Extracted material -
*****
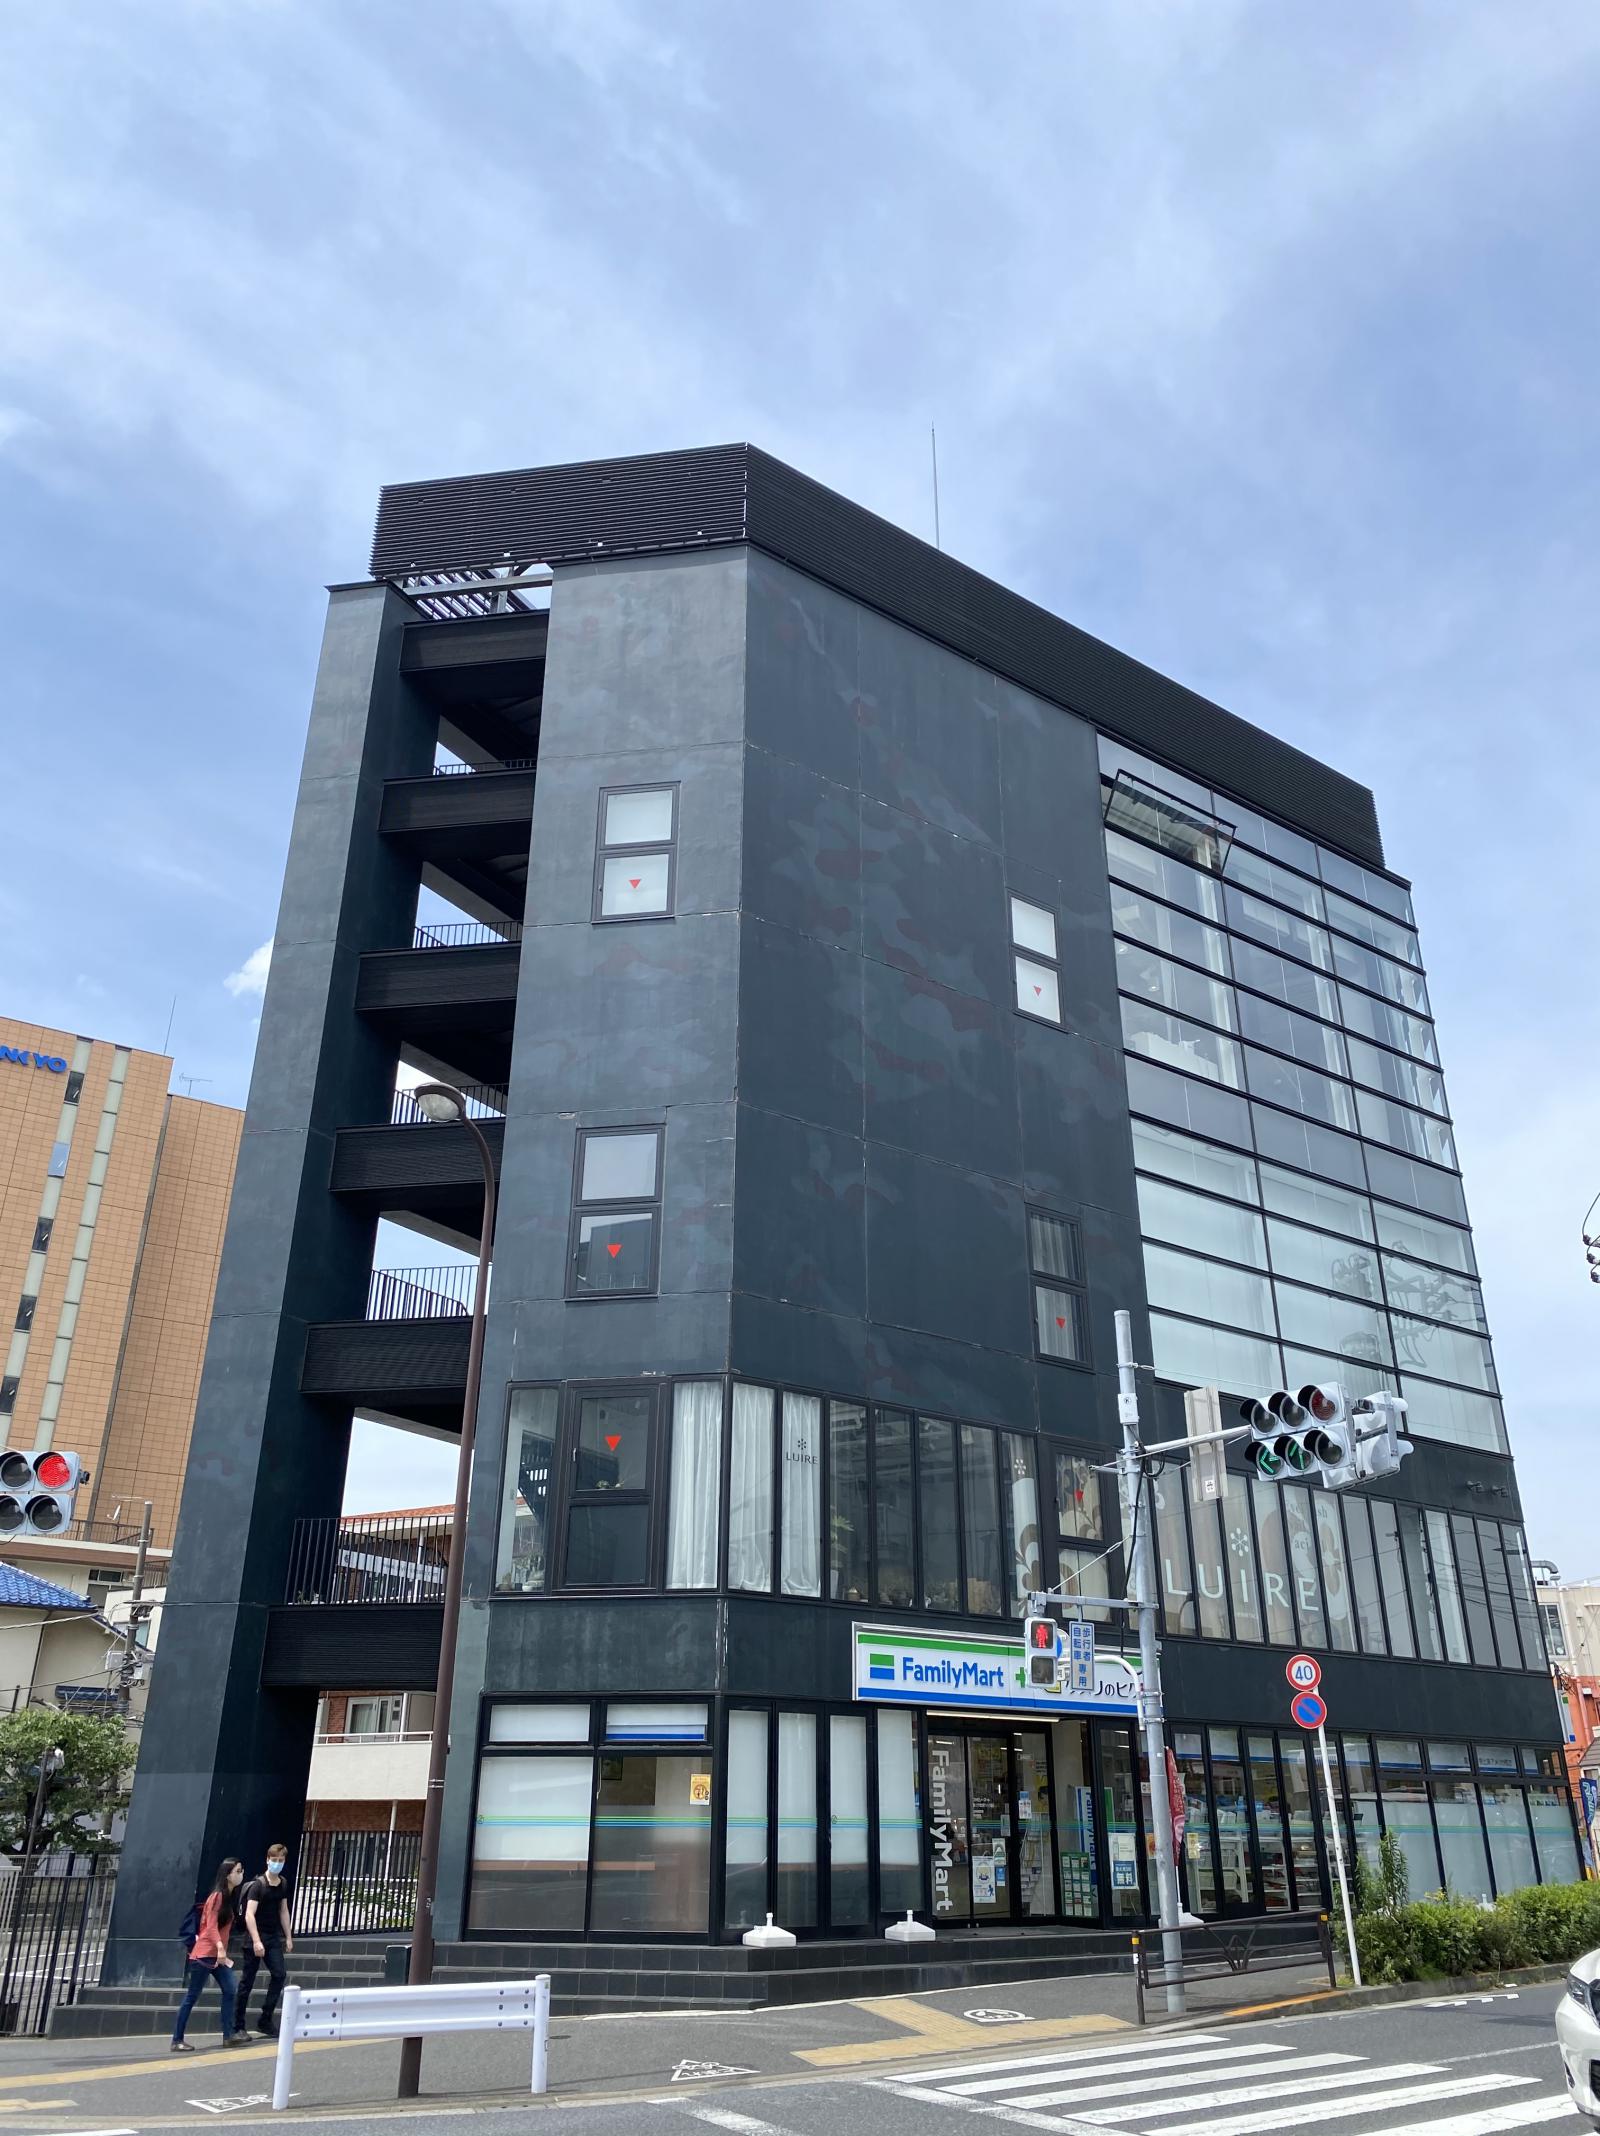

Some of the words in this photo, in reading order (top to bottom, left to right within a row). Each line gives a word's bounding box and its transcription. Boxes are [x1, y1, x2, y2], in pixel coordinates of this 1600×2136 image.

[785, 1451, 818, 1465] LUIRE
[1165, 1559, 1319, 1611] LUIRE
[902, 1656, 1004, 1688] FamilyMart
[1295, 1665, 1313, 1681] 40
[930, 1750, 953, 1911] FamilyMart
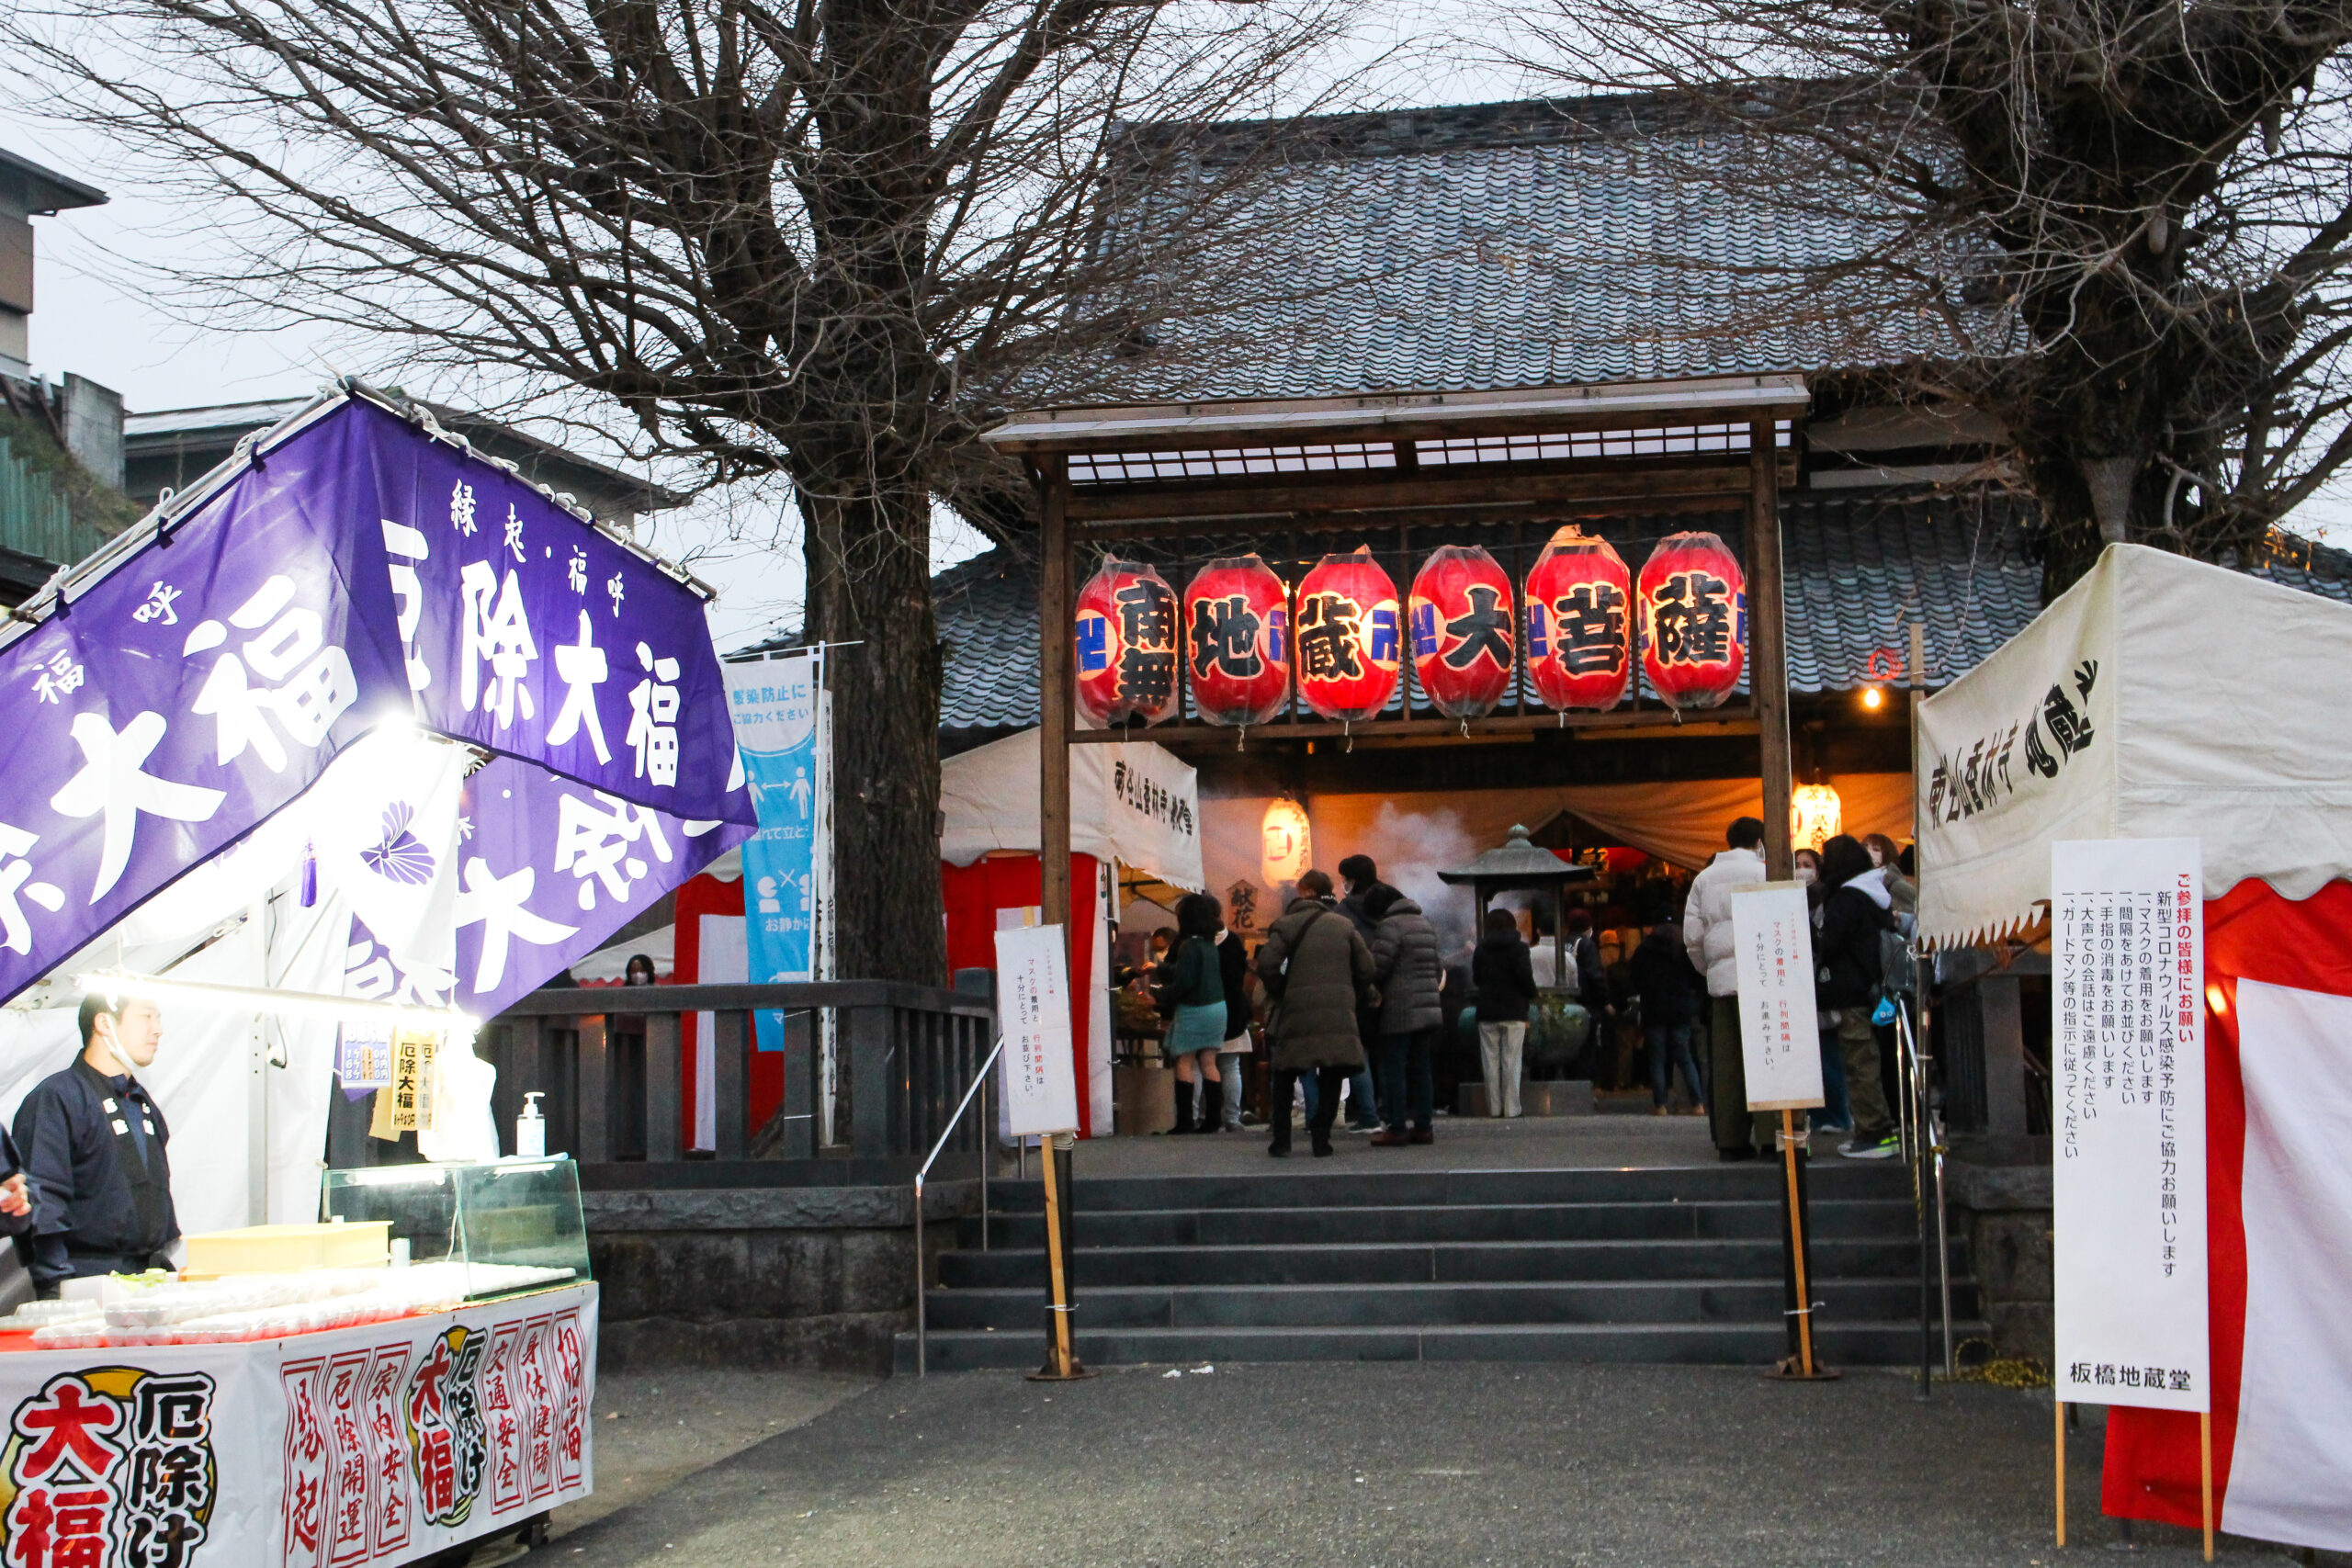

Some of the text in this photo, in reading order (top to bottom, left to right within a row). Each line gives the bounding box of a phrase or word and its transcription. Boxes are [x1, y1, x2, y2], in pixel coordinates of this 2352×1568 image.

[733, 684, 807, 705] 感染防止に
[1115, 577, 1179, 704] 南無
[1193, 596, 1264, 679] 地
[1297, 591, 1363, 681] 蔵
[1443, 583, 1512, 671] 大
[1553, 581, 1628, 682] 菩
[733, 708, 808, 725] ご協力ください
[2062, 892, 2079, 1159] 一、ガードマン等の指示に従ってください
[2081, 892, 2098, 1120] 一、大声での会話はご遠慮ください
[2100, 892, 2116, 1089] 一、手指の消毒をお願いします
[2119, 891, 2136, 1105] 一、間隔をあけてお並びください
[2137, 892, 2154, 1104] 一、マスクの着用をお願いします
[2177, 874, 2194, 1043] ご参拝の皆様にお願い
[397, 1042, 416, 1109] 厄除大福
[2157, 891, 2177, 1277] 新型コロナウィルス感染予防にご協力お願いします
[329, 1370, 366, 1544] 厄除開運
[368, 1362, 404, 1529] 家内安全
[413, 1342, 454, 1515] 大福
[448, 1335, 485, 1493] 厄除け
[485, 1340, 517, 1489] 交通安全
[557, 1325, 582, 1461] 招福
[2070, 1361, 2192, 1392] 板橋地蔵堂
[14, 1383, 116, 1568] 大福
[128, 1380, 209, 1568] 厄除け
*****
Beginning at the line containing "Some of the text", output exactly each line up to and including the last line of the material above.

Some of the text in this photo, in reading order (top to bottom, left to right within a row). Each line gives the bounding box of a phrase or word and its transcription. Boxes are [x1, y1, x2, y2], in pixel coordinates of this 2352×1568 image.

[733, 684, 807, 705] 感染防止に
[1115, 577, 1179, 704] 南無
[1193, 596, 1264, 679] 地
[1297, 591, 1363, 681] 蔵
[1443, 583, 1512, 671] 大
[1553, 581, 1628, 682] 菩
[733, 708, 808, 725] ご協力ください
[2062, 892, 2079, 1159] 一、ガードマン等の指示に従ってください
[2081, 892, 2098, 1120] 一、大声での会話はご遠慮ください
[2100, 892, 2116, 1089] 一、手指の消毒をお願いします
[2119, 891, 2136, 1105] 一、間隔をあけてお並びください
[2137, 892, 2154, 1104] 一、マスクの着用をお願いします
[2177, 874, 2194, 1043] ご参拝の皆様にお願い
[397, 1042, 416, 1109] 厄除大福
[2157, 891, 2177, 1277] 新型コロナウィルス感染予防にご協力お願いします
[329, 1370, 366, 1544] 厄除開運
[368, 1362, 404, 1529] 家内安全
[413, 1342, 454, 1515] 大福
[448, 1335, 485, 1493] 厄除け
[485, 1340, 517, 1489] 交通安全
[557, 1325, 582, 1461] 招福
[2070, 1361, 2192, 1392] 板橋地蔵堂
[14, 1383, 116, 1568] 大福
[128, 1380, 209, 1568] 厄除け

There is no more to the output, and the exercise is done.